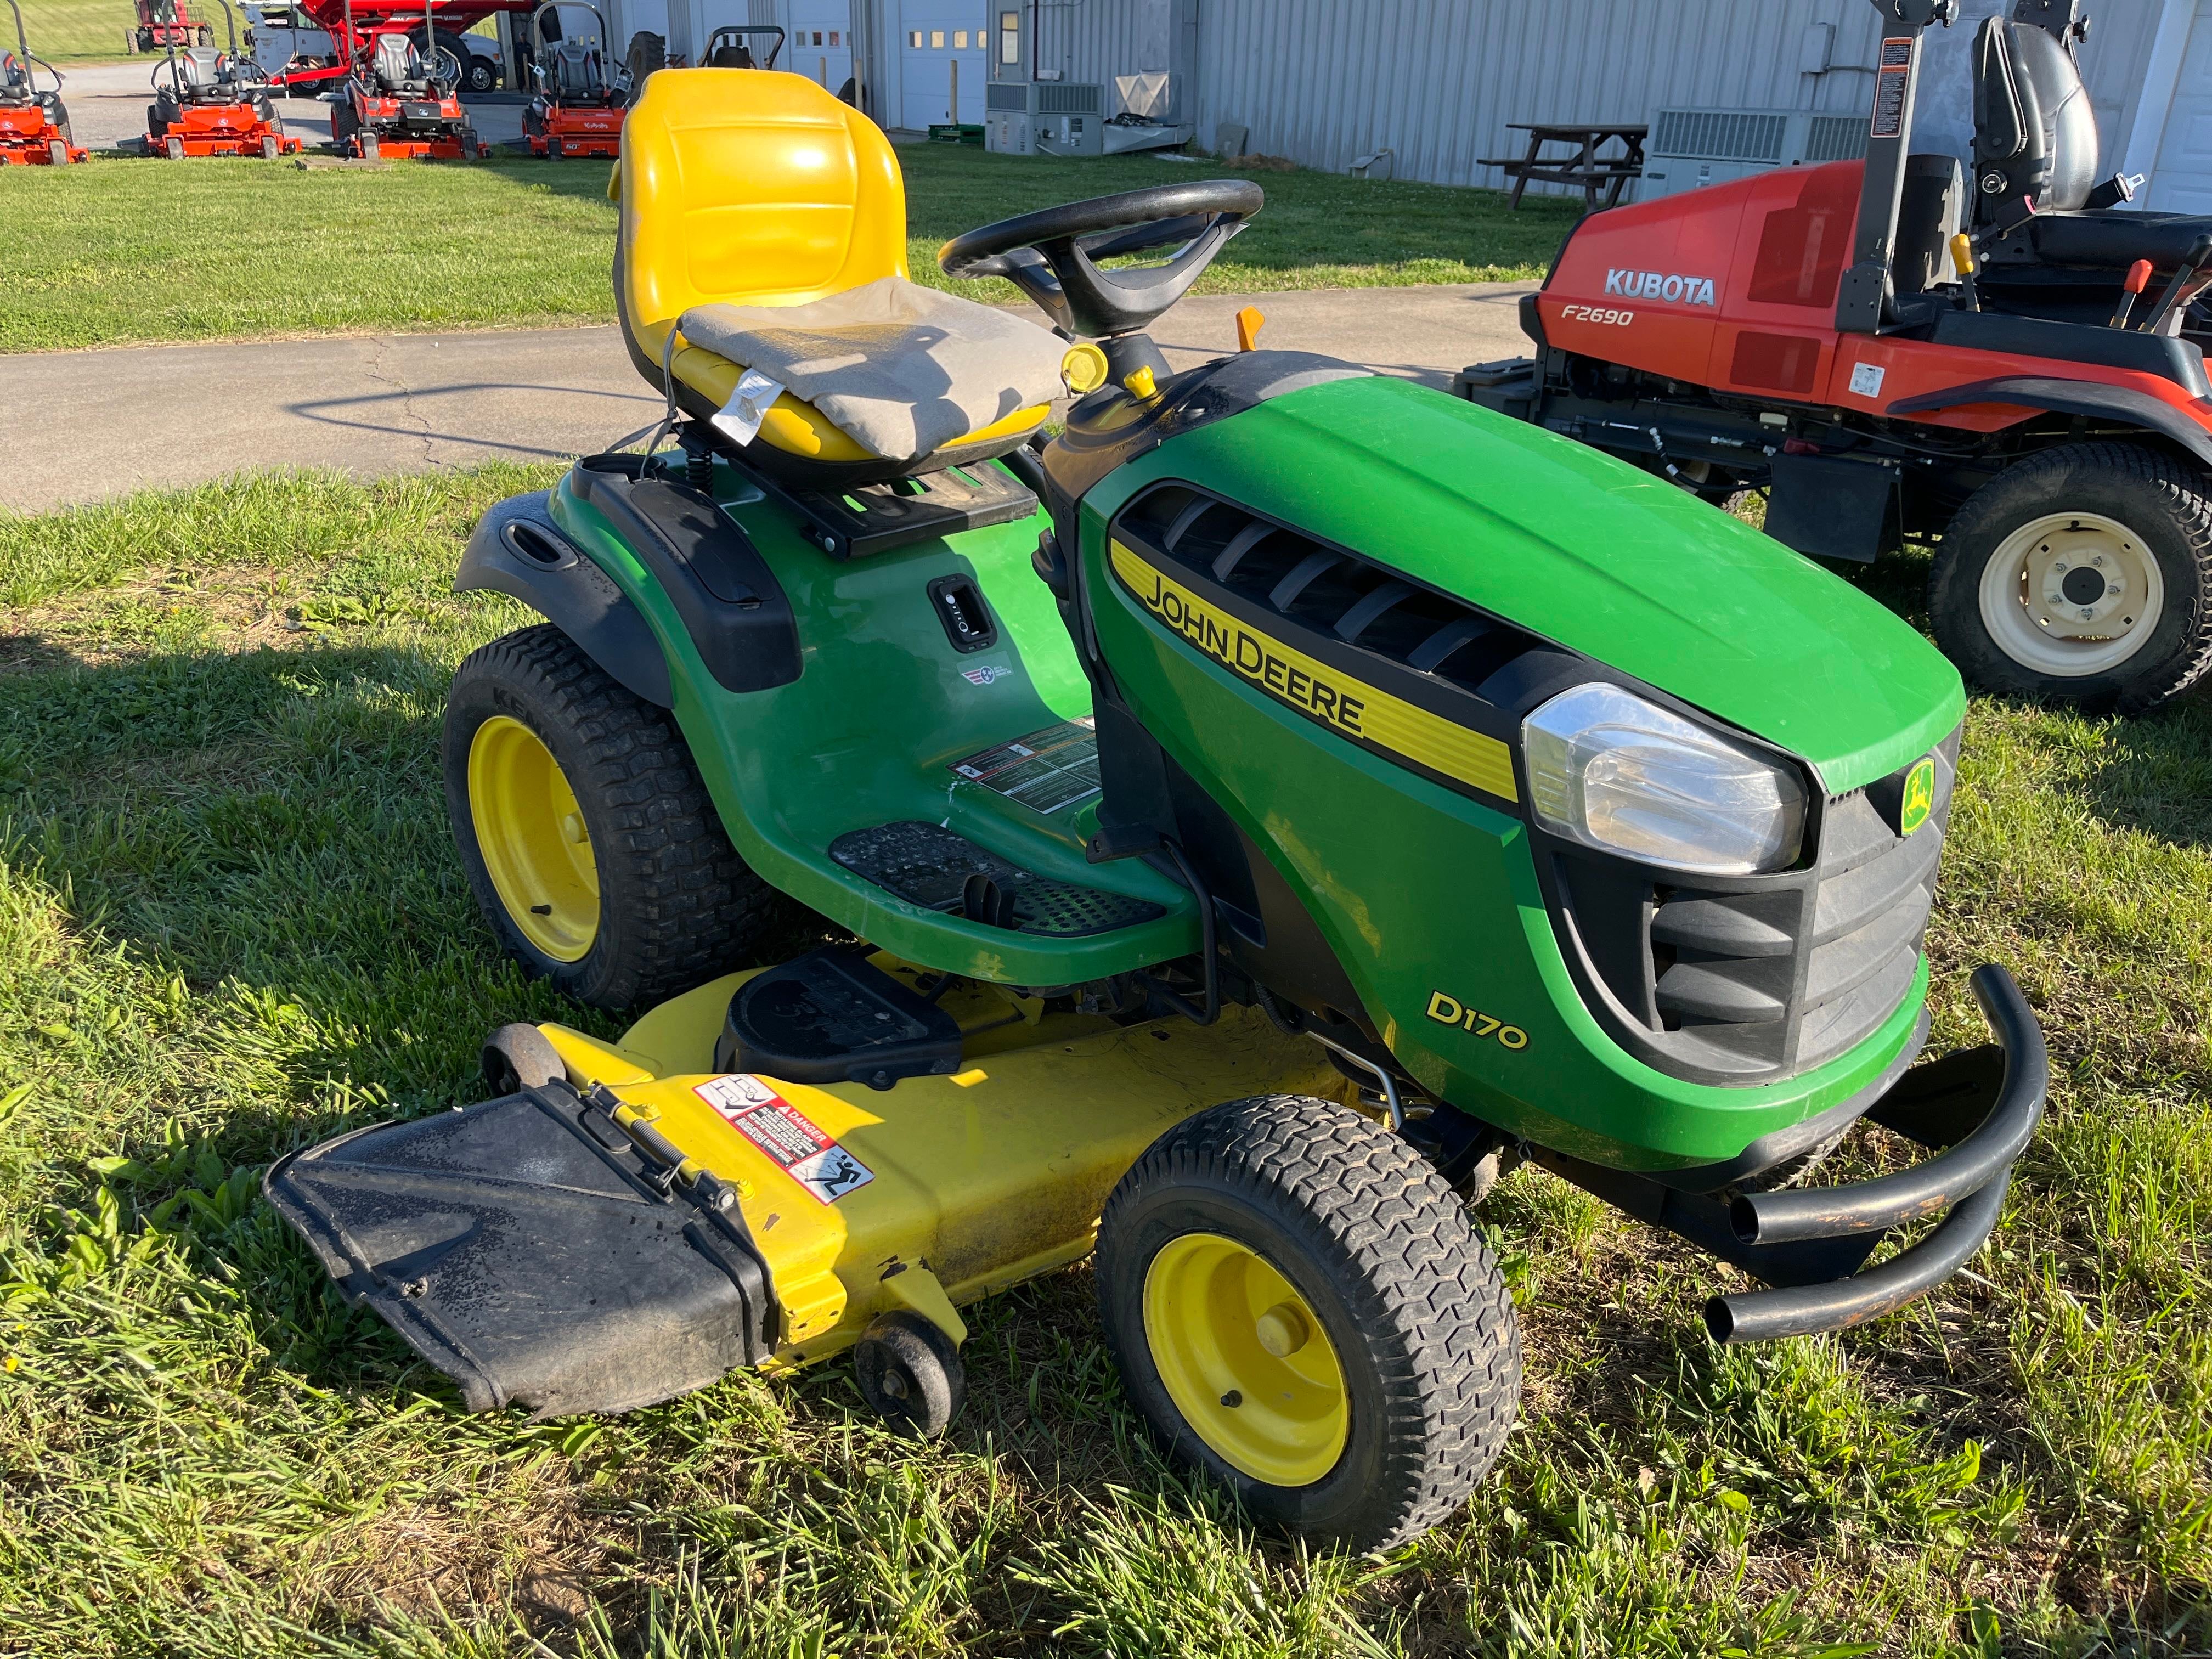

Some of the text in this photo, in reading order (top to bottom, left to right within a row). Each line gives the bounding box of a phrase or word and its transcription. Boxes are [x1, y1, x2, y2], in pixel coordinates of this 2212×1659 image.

[1604, 268, 1714, 306] KUBOTA
[1561, 304, 1634, 326] F2690
[1146, 575, 1364, 733] JOHN DEERE
[1426, 990, 1528, 1050] D170
[788, 1111, 827, 1142] DANGER
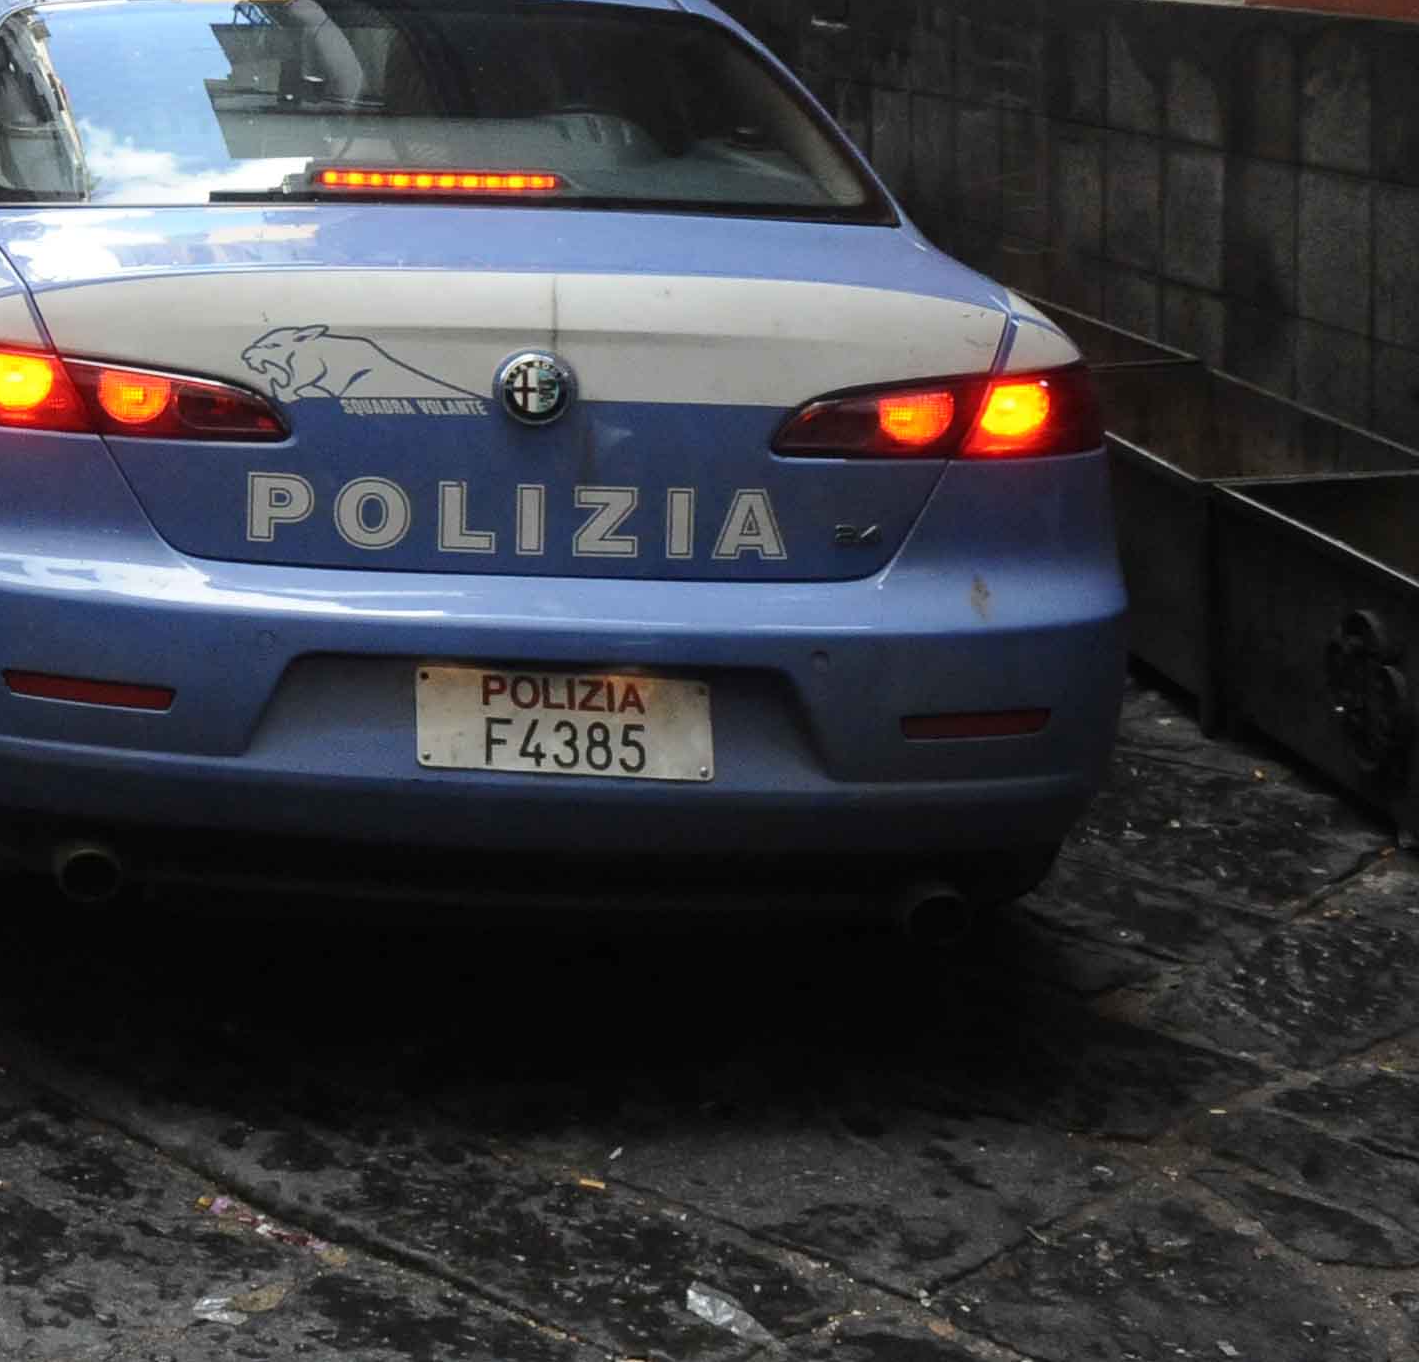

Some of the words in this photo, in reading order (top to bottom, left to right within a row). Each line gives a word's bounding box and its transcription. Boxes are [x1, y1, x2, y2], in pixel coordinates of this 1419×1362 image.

[339, 398, 416, 416] SQUADRA
[415, 399, 488, 416] VOLANTE
[247, 472, 787, 560] POLIZIA
[481, 674, 645, 714] POLIZIA
[485, 717, 646, 773] F4385
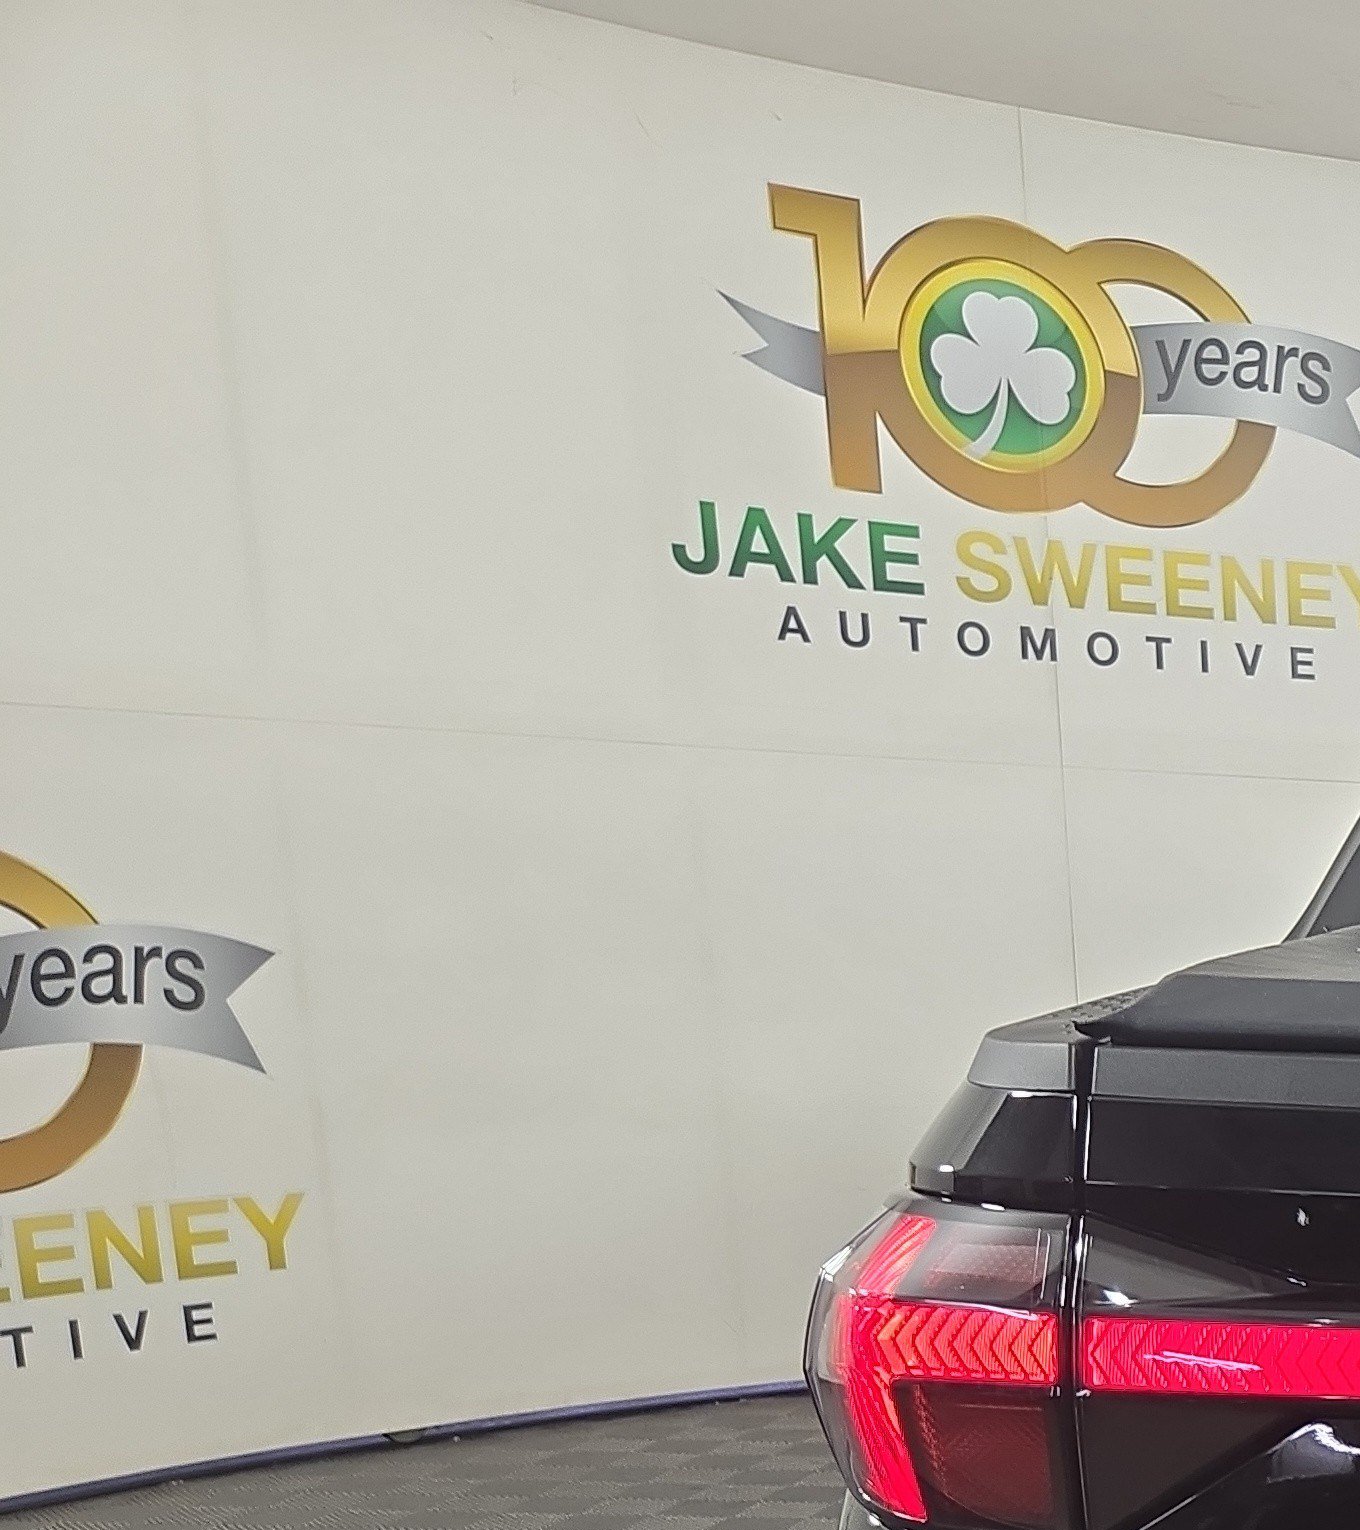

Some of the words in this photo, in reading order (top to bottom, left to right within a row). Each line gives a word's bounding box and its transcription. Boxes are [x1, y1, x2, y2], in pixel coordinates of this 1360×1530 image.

[767, 183, 1279, 528] 100
[1155, 332, 1334, 406] years
[671, 499, 926, 597] JAKE
[777, 605, 1317, 681] AUTOMOTIVE
[0, 1192, 304, 1301] ENEY
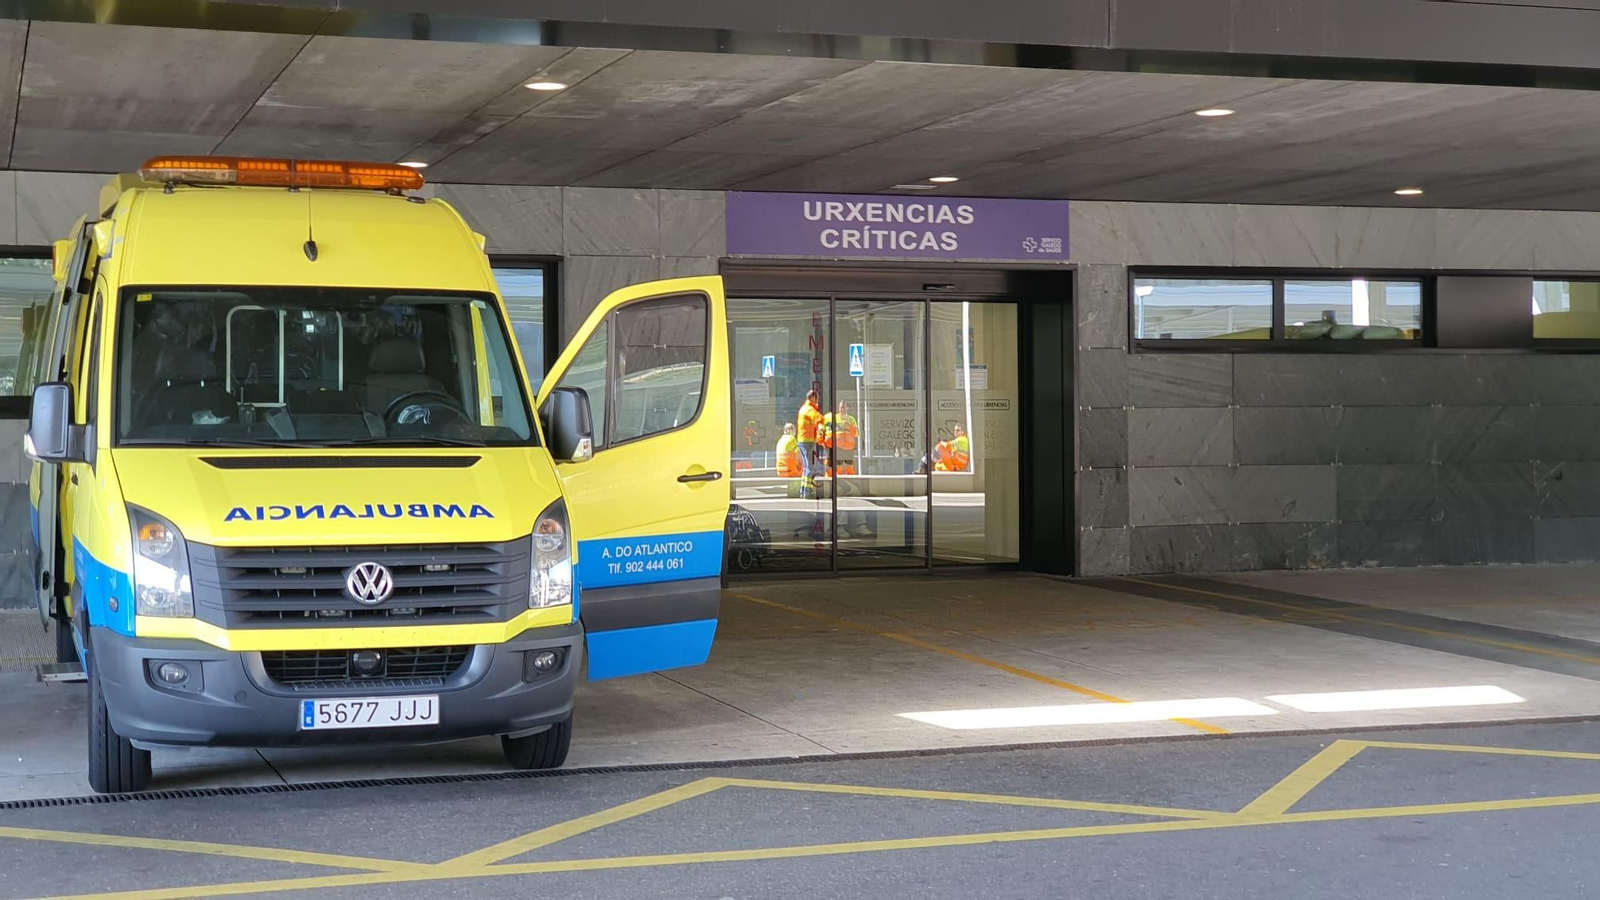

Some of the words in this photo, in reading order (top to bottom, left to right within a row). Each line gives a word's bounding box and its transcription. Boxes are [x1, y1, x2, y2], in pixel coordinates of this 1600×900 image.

[803, 201, 975, 225] URXENCIAS
[820, 226, 958, 251] CRÍTICAS
[602, 547, 612, 559] A.
[615, 545, 632, 558] DO
[634, 541, 693, 556] ATLANTICO
[625, 561, 643, 573] 902
[646, 559, 664, 571] 444
[666, 558, 684, 570] 061
[319, 702, 379, 724] 5677
[390, 700, 432, 721] JJJ

· · ·

== Action item ==
Only a verbatim transcription of the lines from the one containing "this 1600×900 image." through the last line of the records counts as the answer.

== Exercise solution ==
Some of the words in this photo, in reading order (top to bottom, left to right within a row). Each line gives a word's bounding box and its transcription. Boxes are [x1, y1, x2, y2], in pixel coordinates of this 1600×900 image.

[803, 201, 975, 225] URXENCIAS
[820, 226, 958, 251] CRÍTICAS
[602, 547, 612, 559] A.
[615, 545, 632, 558] DO
[634, 541, 693, 556] ATLANTICO
[625, 561, 643, 573] 902
[646, 559, 664, 571] 444
[666, 558, 684, 570] 061
[319, 702, 379, 724] 5677
[390, 700, 432, 721] JJJ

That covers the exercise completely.